Martin et al. [16] compared 28,667 primary knee prostheses (27,994 unconstrained knees, 427 VVC, and 246 RHK)
after 10 and 20 years. Here, the VVC group performed better than the RHK group with regard to complication and survival rate (10-year survival rate: VVC 90% vs. RHK 75%; 20-year survival rate: VVC 
73% vs. RHK 40%) [16]. However, these results are limited by the inclusion bias. Patients receiving an RHK suffered from a higher degree of preoperative laxity or malalignment compared to the VVC group [16]. This selection bias is typical for almost all studies that compare unconstrained implants with implants of different levels of constraint. More recent studies show better survival rates with good functional outcomes for RHK in primary arthroplasty. Bistolfi et al. [4] included 98 RHK in their study. The 10-year survival rate was 80%. The HHS knee score improved significantly, and the range of motion improved from 88° preoperatively to 110° postoperatively [4]. This is in line with the postoperative results of the present study (Table 4).
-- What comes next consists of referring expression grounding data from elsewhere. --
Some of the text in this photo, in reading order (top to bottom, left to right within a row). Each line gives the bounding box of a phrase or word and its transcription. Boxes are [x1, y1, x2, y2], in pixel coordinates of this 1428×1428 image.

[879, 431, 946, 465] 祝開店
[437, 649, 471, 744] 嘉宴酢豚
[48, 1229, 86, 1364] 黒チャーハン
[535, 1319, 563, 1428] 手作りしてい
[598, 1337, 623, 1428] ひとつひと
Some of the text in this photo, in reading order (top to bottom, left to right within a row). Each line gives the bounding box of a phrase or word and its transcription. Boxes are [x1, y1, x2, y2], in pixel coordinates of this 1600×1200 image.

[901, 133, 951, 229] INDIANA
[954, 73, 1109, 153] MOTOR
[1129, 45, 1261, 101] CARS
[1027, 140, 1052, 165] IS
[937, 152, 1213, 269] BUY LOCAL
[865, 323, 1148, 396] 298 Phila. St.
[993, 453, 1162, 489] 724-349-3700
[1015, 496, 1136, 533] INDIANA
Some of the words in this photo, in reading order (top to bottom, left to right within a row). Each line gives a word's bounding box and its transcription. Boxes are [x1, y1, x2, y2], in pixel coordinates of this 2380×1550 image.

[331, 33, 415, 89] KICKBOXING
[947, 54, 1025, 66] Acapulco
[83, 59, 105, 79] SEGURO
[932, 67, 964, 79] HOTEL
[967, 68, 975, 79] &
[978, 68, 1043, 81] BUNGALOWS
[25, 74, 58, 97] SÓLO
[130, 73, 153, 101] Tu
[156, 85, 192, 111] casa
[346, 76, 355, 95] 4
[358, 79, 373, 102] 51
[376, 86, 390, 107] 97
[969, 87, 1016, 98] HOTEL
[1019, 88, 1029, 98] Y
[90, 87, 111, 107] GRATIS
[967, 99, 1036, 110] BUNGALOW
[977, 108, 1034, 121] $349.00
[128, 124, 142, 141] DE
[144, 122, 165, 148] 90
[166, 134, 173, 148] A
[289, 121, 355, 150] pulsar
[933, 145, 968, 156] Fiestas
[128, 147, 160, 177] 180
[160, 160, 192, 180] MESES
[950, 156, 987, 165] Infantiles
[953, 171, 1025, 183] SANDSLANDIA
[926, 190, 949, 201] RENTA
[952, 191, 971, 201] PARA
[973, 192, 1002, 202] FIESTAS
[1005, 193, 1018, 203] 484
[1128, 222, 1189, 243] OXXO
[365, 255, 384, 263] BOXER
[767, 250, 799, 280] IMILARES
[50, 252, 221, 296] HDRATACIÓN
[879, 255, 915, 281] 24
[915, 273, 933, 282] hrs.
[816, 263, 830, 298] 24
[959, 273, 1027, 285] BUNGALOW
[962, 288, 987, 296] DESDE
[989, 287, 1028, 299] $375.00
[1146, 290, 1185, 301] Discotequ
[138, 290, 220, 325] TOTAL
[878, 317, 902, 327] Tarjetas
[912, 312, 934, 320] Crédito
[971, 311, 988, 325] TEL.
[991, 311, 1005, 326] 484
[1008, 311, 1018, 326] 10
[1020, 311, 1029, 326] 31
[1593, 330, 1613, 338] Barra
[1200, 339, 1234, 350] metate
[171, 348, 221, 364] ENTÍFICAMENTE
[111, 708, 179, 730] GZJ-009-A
Instability is difficult to measure in a reproducible way, except in full extension and in 90° flexion. Additionally, rotational stabilizers (popliteus tendon, biceps femoris muscle, iliotibial band and others) cannot be sufficiently evaluated. Both types of implants can be used for significant ligamentous laxity. A clear and evidence-based algorithm to choose the appropriate level of constraint is still missing. In case of doubt, a higher constrained level should be used.

Conclusions

The present retrospective study demonstrates comparably good functional scores and patient satisfaction after cemented mobile VVC vs. second-generation rotating hinge knees for treatment of knee osteoarthritis with ligamentous laxity. The results confirm that both types of implants can be recommended for the therapy of end-stage knee osteoarthritis with significant ligamentous laxity.